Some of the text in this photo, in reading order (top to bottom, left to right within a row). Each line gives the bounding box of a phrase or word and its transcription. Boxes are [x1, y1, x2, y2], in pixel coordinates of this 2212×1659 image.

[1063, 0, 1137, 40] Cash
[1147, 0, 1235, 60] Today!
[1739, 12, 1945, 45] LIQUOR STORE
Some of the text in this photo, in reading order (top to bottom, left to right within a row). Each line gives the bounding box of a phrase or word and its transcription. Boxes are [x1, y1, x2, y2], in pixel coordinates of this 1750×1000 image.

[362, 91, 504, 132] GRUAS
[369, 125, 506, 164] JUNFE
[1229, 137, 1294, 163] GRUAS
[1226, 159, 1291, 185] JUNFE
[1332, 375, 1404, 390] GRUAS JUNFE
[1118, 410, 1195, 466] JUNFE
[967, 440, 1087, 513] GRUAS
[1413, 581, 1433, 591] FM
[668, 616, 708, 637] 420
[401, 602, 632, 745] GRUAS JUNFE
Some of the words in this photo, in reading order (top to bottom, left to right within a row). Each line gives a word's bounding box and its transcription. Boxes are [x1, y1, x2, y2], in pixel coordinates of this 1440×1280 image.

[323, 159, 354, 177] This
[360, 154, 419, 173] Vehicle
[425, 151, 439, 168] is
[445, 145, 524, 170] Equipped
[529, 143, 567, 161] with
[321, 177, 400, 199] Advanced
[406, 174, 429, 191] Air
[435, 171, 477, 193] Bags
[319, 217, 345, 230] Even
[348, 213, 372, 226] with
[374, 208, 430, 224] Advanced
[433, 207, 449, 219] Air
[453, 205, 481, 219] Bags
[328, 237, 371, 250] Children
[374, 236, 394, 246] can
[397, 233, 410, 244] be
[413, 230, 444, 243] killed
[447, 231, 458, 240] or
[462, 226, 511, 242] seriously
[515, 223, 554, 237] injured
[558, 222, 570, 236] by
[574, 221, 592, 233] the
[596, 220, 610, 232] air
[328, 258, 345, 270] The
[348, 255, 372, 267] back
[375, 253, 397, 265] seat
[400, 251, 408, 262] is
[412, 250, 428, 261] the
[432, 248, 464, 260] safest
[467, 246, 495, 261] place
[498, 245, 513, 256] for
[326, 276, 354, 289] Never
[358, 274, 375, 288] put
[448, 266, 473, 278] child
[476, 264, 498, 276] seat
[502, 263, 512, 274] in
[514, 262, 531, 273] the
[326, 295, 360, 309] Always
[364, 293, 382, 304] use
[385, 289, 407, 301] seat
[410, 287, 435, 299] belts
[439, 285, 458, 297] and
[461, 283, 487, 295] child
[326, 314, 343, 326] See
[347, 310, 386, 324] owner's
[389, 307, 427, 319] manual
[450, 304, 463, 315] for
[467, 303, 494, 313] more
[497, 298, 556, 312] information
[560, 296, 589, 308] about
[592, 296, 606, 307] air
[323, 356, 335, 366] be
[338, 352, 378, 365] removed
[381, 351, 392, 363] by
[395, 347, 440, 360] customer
————
All entries above should be duplicated exactly, none omitted.

Some of the text in this photo, in reading order (top to bottom, left to right within a row). Each line gives the bounding box of a phrase or word and its transcription. Boxes are [x1, y1, x2, y2], in pixel coordinates of this 2212×1659 image.

[1063, 0, 1137, 40] Cash
[1147, 0, 1235, 60] Today!
[1739, 12, 1945, 45] LIQUOR STORE
Some of the text in this photo, in reading order (top to bottom, left to right within a row). Each line gives the bounding box of a phrase or word and its transcription. Boxes are [x1, y1, x2, y2], in pixel coordinates of this 1750×1000 image.

[362, 91, 504, 132] GRUAS
[369, 125, 506, 164] JUNFE
[1229, 137, 1294, 163] GRUAS
[1226, 159, 1291, 185] JUNFE
[1332, 375, 1404, 390] GRUAS JUNFE
[1118, 410, 1195, 466] JUNFE
[967, 440, 1087, 513] GRUAS
[1413, 581, 1433, 591] FM
[668, 616, 708, 637] 420
[401, 602, 632, 745] GRUAS JUNFE
Some of the words in this photo, in reading order (top to bottom, left to right within a row). Each line gives a word's bounding box and its transcription. Boxes are [x1, y1, x2, y2], in pixel coordinates of this 1440×1280 image.

[323, 159, 354, 177] This
[360, 154, 419, 173] Vehicle
[425, 151, 439, 168] is
[445, 145, 524, 170] Equipped
[529, 143, 567, 161] with
[321, 177, 400, 199] Advanced
[406, 174, 429, 191] Air
[435, 171, 477, 193] Bags
[319, 217, 345, 230] Even
[348, 213, 372, 226] with
[374, 208, 430, 224] Advanced
[433, 207, 449, 219] Air
[453, 205, 481, 219] Bags
[328, 237, 371, 250] Children
[374, 236, 394, 246] can
[397, 233, 410, 244] be
[413, 230, 444, 243] killed
[447, 231, 458, 240] or
[462, 226, 511, 242] seriously
[515, 223, 554, 237] injured
[558, 222, 570, 236] by
[574, 221, 592, 233] the
[596, 220, 610, 232] air
[328, 258, 345, 270] The
[348, 255, 372, 267] back
[375, 253, 397, 265] seat
[400, 251, 408, 262] is
[412, 250, 428, 261] the
[432, 248, 464, 260] safest
[467, 246, 495, 261] place
[498, 245, 513, 256] for
[326, 276, 354, 289] Never
[358, 274, 375, 288] put
[448, 266, 473, 278] child
[476, 264, 498, 276] seat
[502, 263, 512, 274] in
[514, 262, 531, 273] the
[326, 295, 360, 309] Always
[364, 293, 382, 304] use
[385, 289, 407, 301] seat
[410, 287, 435, 299] belts
[439, 285, 458, 297] and
[461, 283, 487, 295] child
[326, 314, 343, 326] See
[347, 310, 386, 324] owner's
[389, 307, 427, 319] manual
[450, 304, 463, 315] for
[467, 303, 494, 313] more
[497, 298, 556, 312] information
[560, 296, 589, 308] about
[592, 296, 606, 307] air
[323, 356, 335, 366] be
[338, 352, 378, 365] removed
[381, 351, 392, 363] by
[395, 347, 440, 360] customer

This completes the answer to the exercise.